The light was being projected from off base—surging mist and rain making the beam appear as a solid, angled shaft. The light shifted, seeming to turn in on itself as the image of an immense face formed at the center. Pale skin. Fair, neatly parted copper hair. Beautiful and androgynous, like some sort of angel.
Armitage.
That trumpeting horn blared out again, and then it was coming from the TV, from wrist comms, from vehicles on the street. The pale face now dominated the living room screen as well as the clouds.
“Occupants of Durham Air Force Base,” the voice said, thundering from the sky and echoing from every wirelessly connected audio device on the base. “You are currently in violation of the terms set allowing for your continued existence as a self-governing entity. Approximately thirty-six hours ago an artificially weaponized humanoid of unknown origin entered your jurisdiction.”
“Armitage,” the old lady moaned, clutching herself. “I knew it. Oh God, I knew it!”
“Shush, Mama,” her son said, though his eyes were full of despair.
“Armitage?” Nikolai whispered to Jem.
“This region’s Overmind,” she said distantly.
“We generously allowed a grace period exceeding twenty-four hours,” Armitage continued, its sophisticated, melodious voice hateful to Jem’s ears as it rang out from a thousand places in every direction, “in which we awaited word from your appointed leader, Colonel Rafael Machado. Hoping that as a sign of goodwill he would alert us to this entity’s presence, it was with great disappointment tha
t it fell upon us to contact your colonel, insisting on the weapon’s transfer.
“As per our terms, the covert development, purchase, or undisclosed concealment of advanced weaponry is seen as evidence of intent to commit violent insurgency. To our further disappointment, after a promise of transfer within the hour, we have been met with excuses and delay. It is with great regret that we now prepare to occupy and disassemble your settlement if the weapon has not been transferred into our custody within thirty minutes. We sincerely hope that this won’t be necessary, and that our relationship can continue peacefully. You have until six a.m.”

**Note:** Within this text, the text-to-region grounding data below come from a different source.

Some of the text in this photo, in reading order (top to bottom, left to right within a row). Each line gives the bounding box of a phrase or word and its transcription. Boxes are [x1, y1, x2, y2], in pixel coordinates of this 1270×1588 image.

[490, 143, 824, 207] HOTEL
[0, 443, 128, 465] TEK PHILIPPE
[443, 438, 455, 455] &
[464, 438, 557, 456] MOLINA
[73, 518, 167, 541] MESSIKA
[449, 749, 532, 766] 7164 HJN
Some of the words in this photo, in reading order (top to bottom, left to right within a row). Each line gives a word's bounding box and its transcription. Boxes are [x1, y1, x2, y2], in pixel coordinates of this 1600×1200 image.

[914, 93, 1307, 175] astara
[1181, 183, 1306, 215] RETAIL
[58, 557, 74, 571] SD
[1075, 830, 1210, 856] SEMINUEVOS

The beam of light disappeared. The clouds went black, the screen went dark. For a moment everyone stood there in stunned silence, the old lady weeping softly into her hands.
The woman on the screen returned, frantically begging the civilian population to remain calm even as she failed to hide the terror in her eyes.

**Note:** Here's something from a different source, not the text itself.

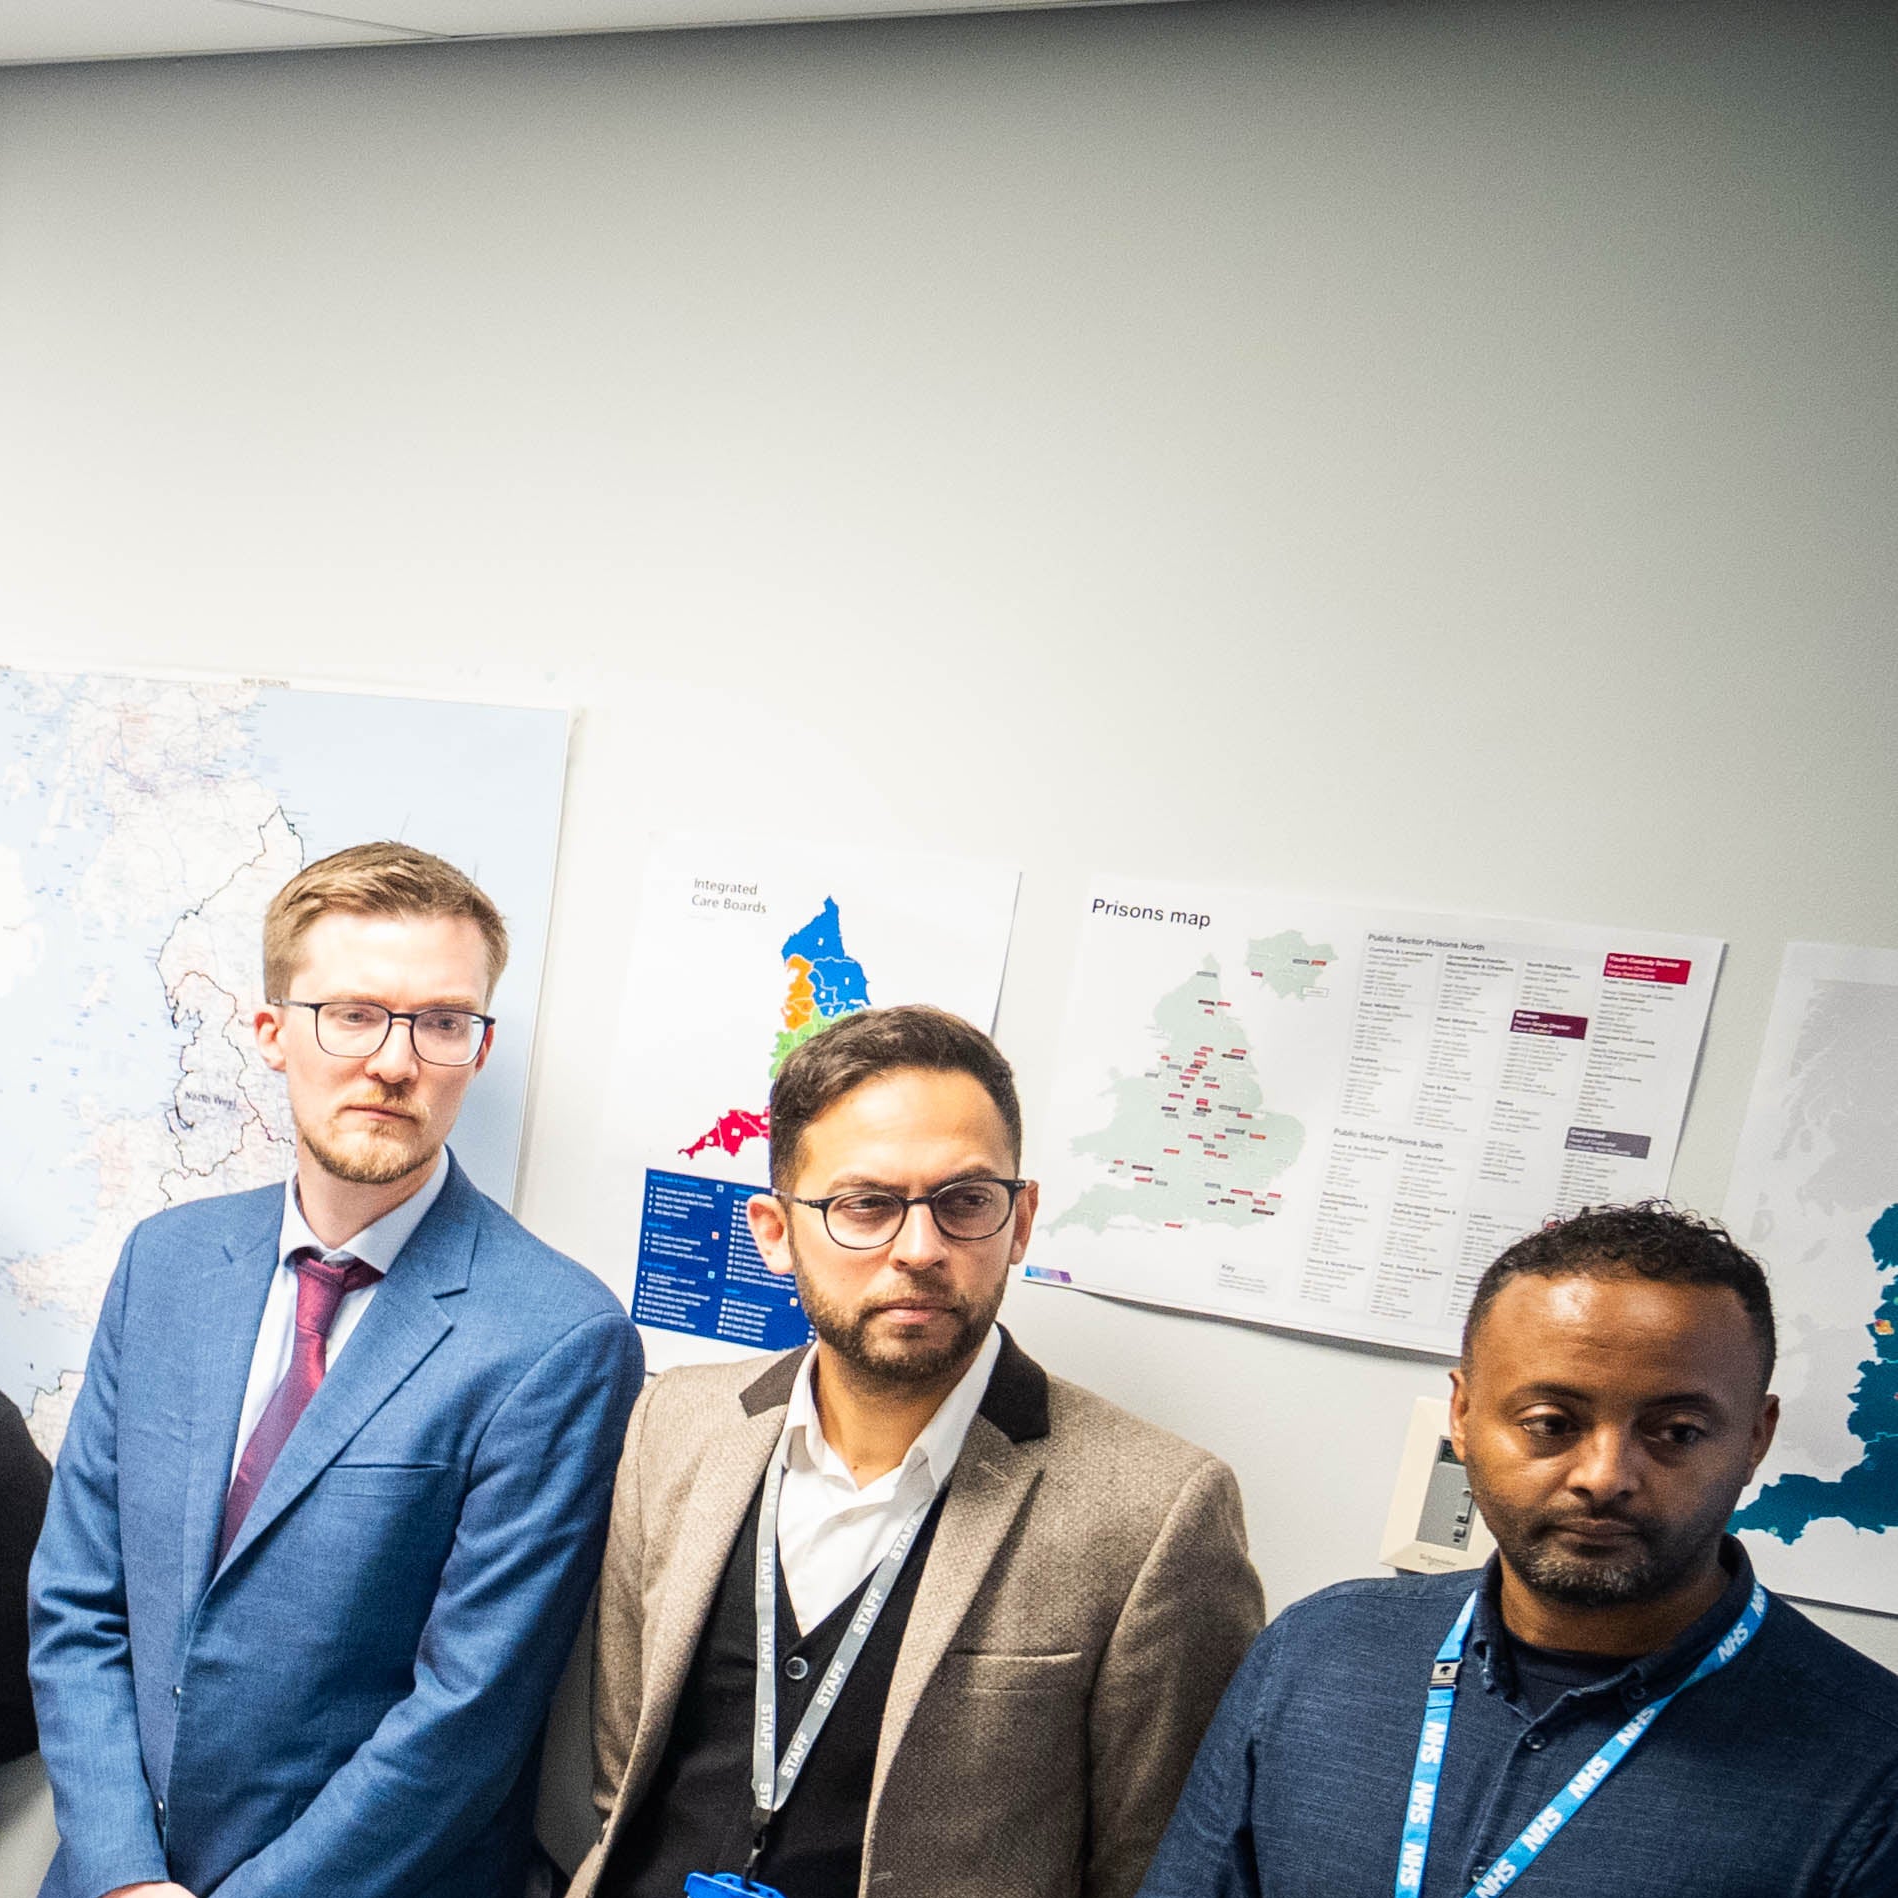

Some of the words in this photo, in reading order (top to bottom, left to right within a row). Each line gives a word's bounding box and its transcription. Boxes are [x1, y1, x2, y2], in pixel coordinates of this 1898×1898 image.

The family living in the apartment frantically packed their bags amid heated arguments. Jem and Nikolai waited, quietly pressed into the corner, until the foursome left to go hide in a nearby shelter.
Nikolai allowed the invisibility to drop. He walked over to the balcony door, peeking out through the blinds to look at the sky.
Slowly, Jem crossed the room, moving to stand opposite from where Nikolai had his back to her. An icy detachment began to permeate her being, making it feel as if she were watching somebody else slowly draw their gun.
“I’m sorry, Nikolai.”
He turned to face her, puzzlement turning to shock as he found a gun leveled at his face.
She hardly knew the boy, but couldn’t help but be sickened by his look of wounded disbelief.
Looking at Jem like that, while she held him at gunpoint—he looked so much like Eva.
Was this to be her life?
“Not another step,” she said. “Hands in the air.”
“Jem?”
“I said hands in the air!”
“Jem, what are you doing?” Nikolai failed to keep the tremor from creeping into his voice. He raised his hands, placating. “The Synth are coming. We need to get out of here!”
“I’m sorry, Nik,” she said. “I have to kill you.”